» AVAILABLE DATA:
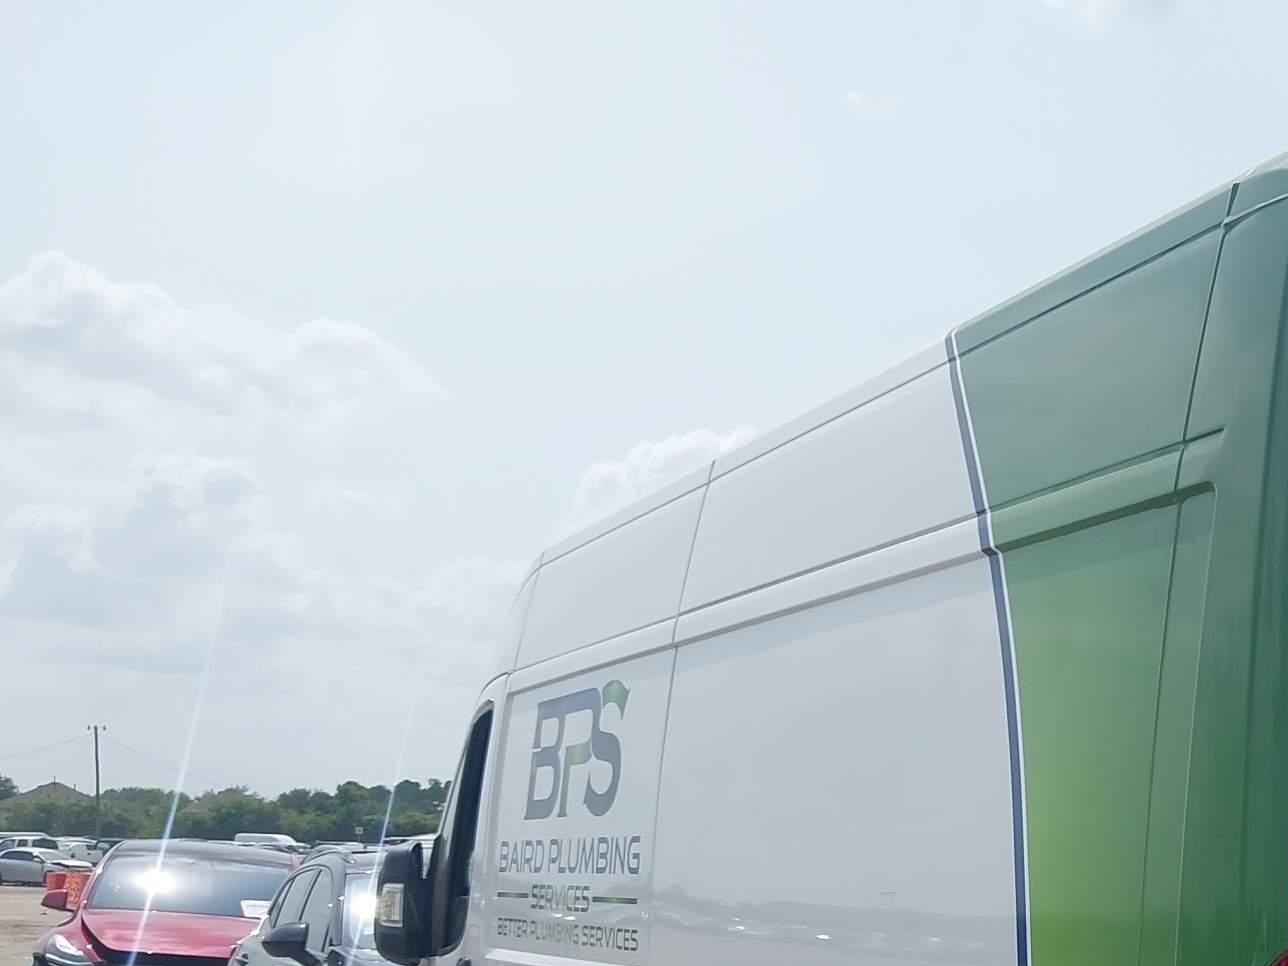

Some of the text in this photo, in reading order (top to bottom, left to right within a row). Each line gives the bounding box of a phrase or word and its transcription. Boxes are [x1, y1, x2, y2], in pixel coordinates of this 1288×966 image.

[524, 679, 631, 820] BPS
[498, 835, 641, 875] BAIRD PLUMBING
[530, 883, 592, 913] SERVICES
[497, 916, 529, 940] BETTER
[581, 925, 639, 952] SERVICES

» WHAT YOU WILL DO: Please transcribe all of the records above exactly, leaving out any pictures.

» OUTPUT OF THE TASK:
Some of the text in this photo, in reading order (top to bottom, left to right within a row). Each line gives the bounding box of a phrase or word and its transcription. Boxes are [x1, y1, x2, y2], in pixel coordinates of this 1288×966 image.

[524, 679, 631, 820] BPS
[498, 835, 641, 875] BAIRD PLUMBING
[530, 883, 592, 913] SERVICES
[497, 916, 529, 940] BETTER
[581, 925, 639, 952] SERVICES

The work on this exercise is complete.